EXERCISE OBJECTIVE: All records are to be restated word for word, with pictures excluded.

SUPPLIED RECORDS:
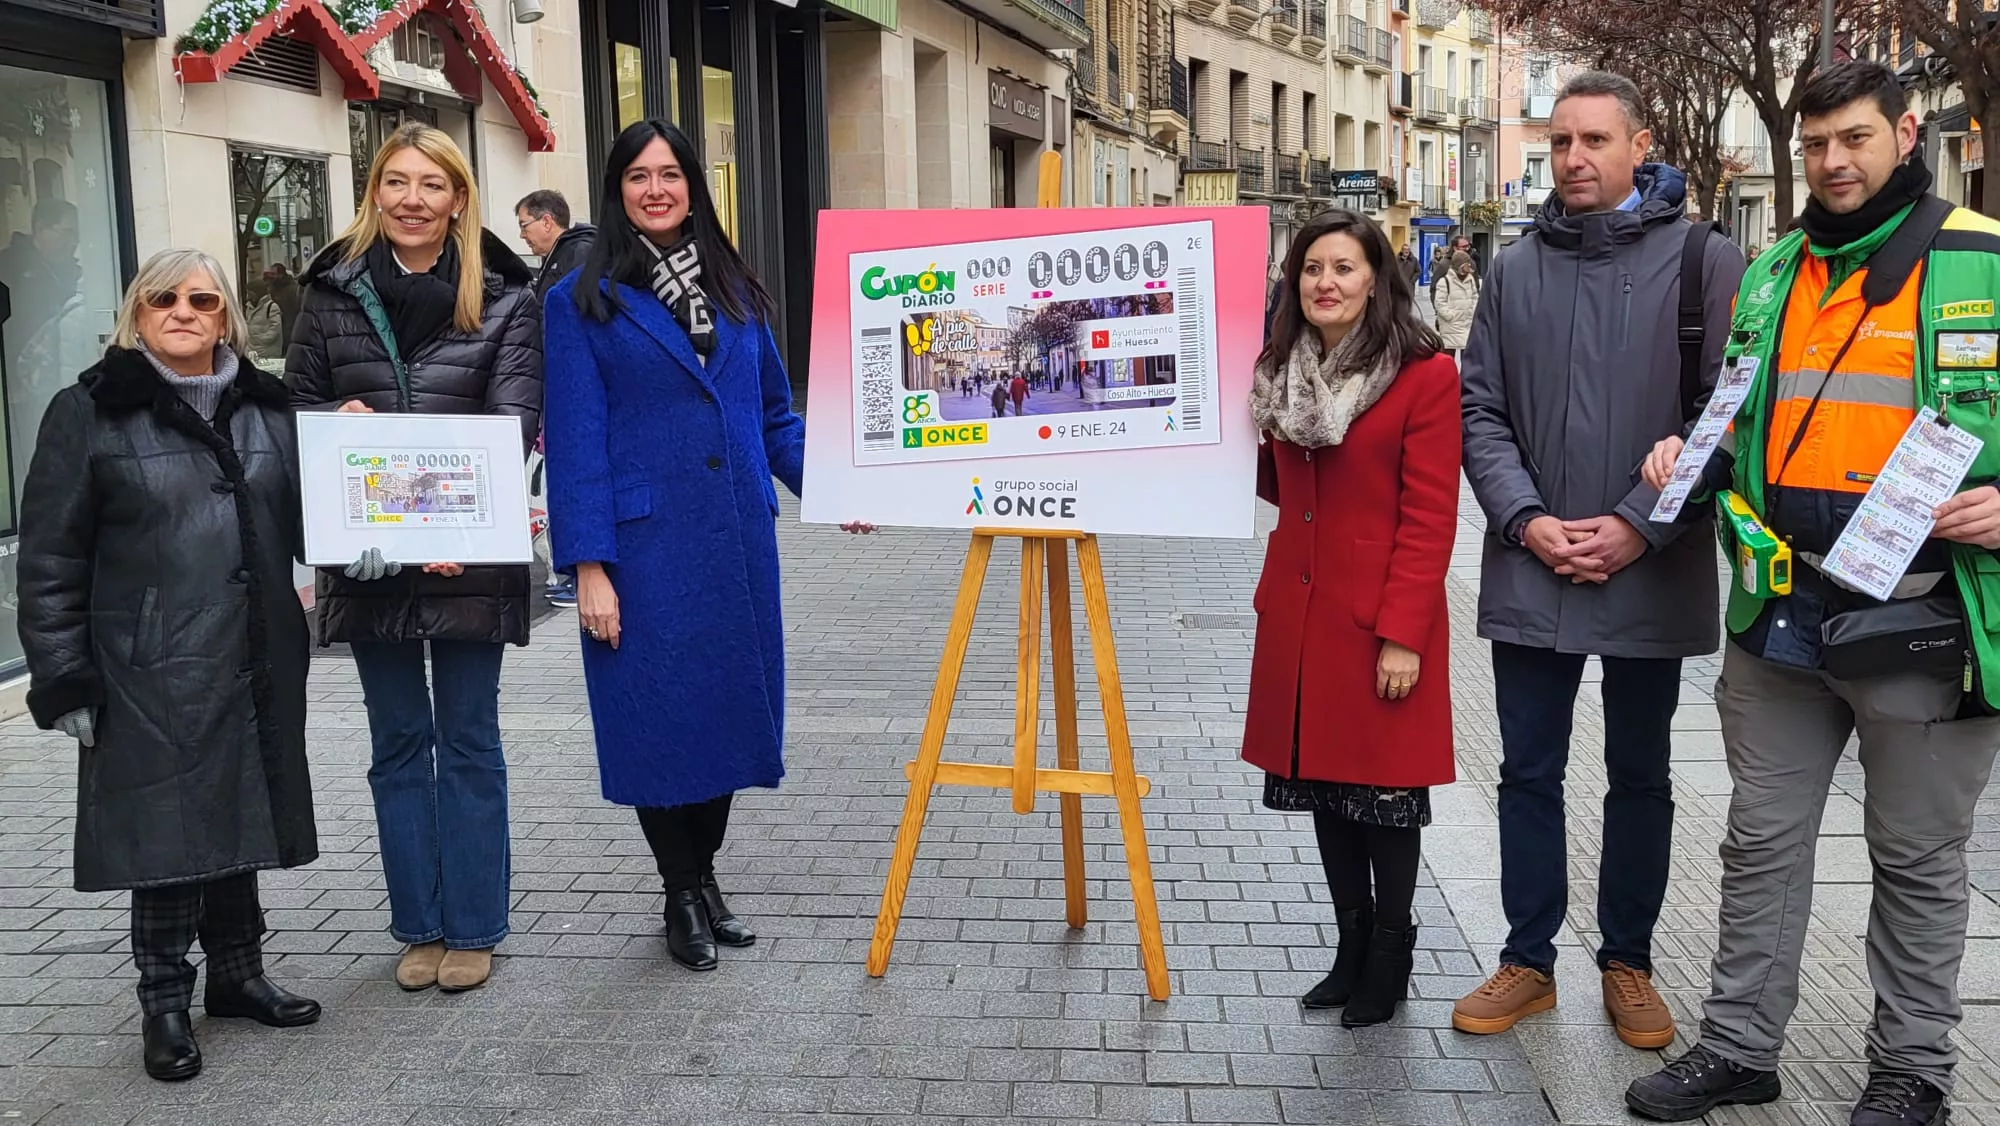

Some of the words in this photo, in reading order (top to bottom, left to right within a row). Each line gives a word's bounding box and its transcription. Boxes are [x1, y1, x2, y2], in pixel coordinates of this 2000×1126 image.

[1188, 175, 1233, 201] ASCASO
[1338, 177, 1376, 188] Arenas
[967, 256, 1011, 280] 000
[1028, 240, 1169, 289] 00000
[1187, 236, 1202, 250] 2€
[973, 282, 1006, 297] SERIE
[1947, 303, 1989, 315] ONCE
[930, 318, 942, 339] A
[946, 317, 966, 340] pie
[1112, 326, 1173, 338] Ayuntamiento
[931, 338, 947, 354] de
[948, 335, 978, 352] calle
[1112, 338, 1123, 348] de
[1125, 336, 1159, 347] Huesca
[1108, 390, 1125, 400] Coso
[1126, 388, 1142, 399] Alto
[1148, 386, 1175, 397] Huesca
[903, 393, 931, 424] 85
[927, 426, 983, 443] ONCE
[1057, 425, 1066, 438] 9
[1071, 423, 1106, 437] ENE.
[1109, 421, 1127, 435] 24
[416, 454, 472, 467] 00000
[994, 480, 1036, 492] grupo
[1039, 480, 1078, 492] social
[993, 495, 1077, 518] ONCE
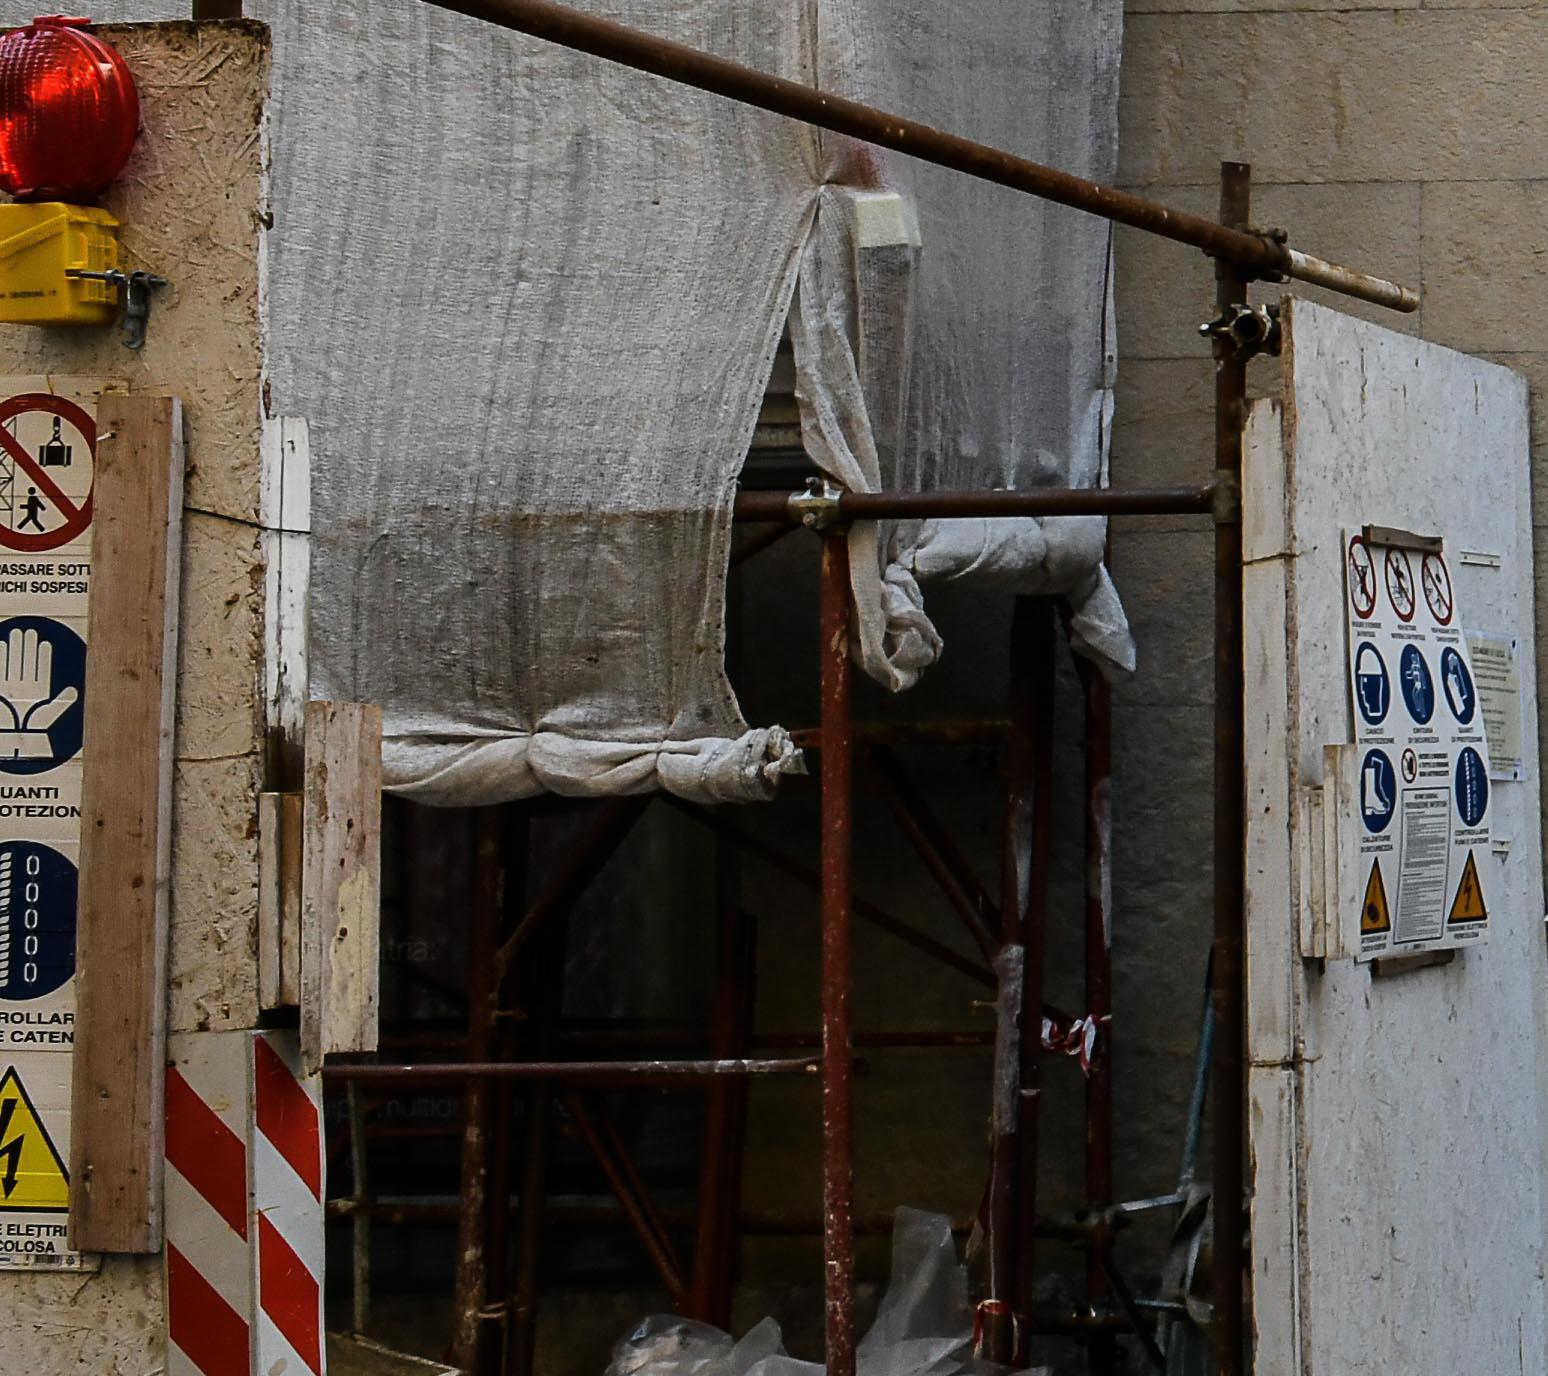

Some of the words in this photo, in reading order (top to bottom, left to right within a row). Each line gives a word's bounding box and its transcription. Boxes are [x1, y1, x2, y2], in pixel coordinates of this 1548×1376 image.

OUTPUT BELOW:
Some of the words in this photo, in reading order (top to bottom, left to right within a row). Each line gives a word's bounding box and its transcription. Boxes are [x1, y1, x2, y2], in pixel coordinates of this 2000×1126 image.

[1188, 175, 1233, 201] ASCASO
[1338, 177, 1376, 188] Arenas
[967, 256, 1011, 280] 000
[1028, 240, 1169, 289] 00000
[1187, 236, 1202, 250] 2€
[973, 282, 1006, 297] SERIE
[1947, 303, 1989, 315] ONCE
[930, 318, 942, 339] A
[946, 317, 966, 340] pie
[1112, 326, 1173, 338] Ayuntamiento
[931, 338, 947, 354] de
[948, 335, 978, 352] calle
[1112, 338, 1123, 348] de
[1125, 336, 1159, 347] Huesca
[1108, 390, 1125, 400] Coso
[1126, 388, 1142, 399] Alto
[1148, 386, 1175, 397] Huesca
[903, 393, 931, 424] 85
[927, 426, 983, 443] ONCE
[1057, 425, 1066, 438] 9
[1071, 423, 1106, 437] ENE.
[1109, 421, 1127, 435] 24
[416, 454, 472, 467] 00000
[994, 480, 1036, 492] grupo
[1039, 480, 1078, 492] social
[993, 495, 1077, 518] ONCE

Some of the words in this photo, in reading order (top to bottom, left to right within a row). Each line gives a word's bounding box and its transcription. Boxes are [x1, y1, x2, y2], in pixel coordinates of this 1548×1376 image.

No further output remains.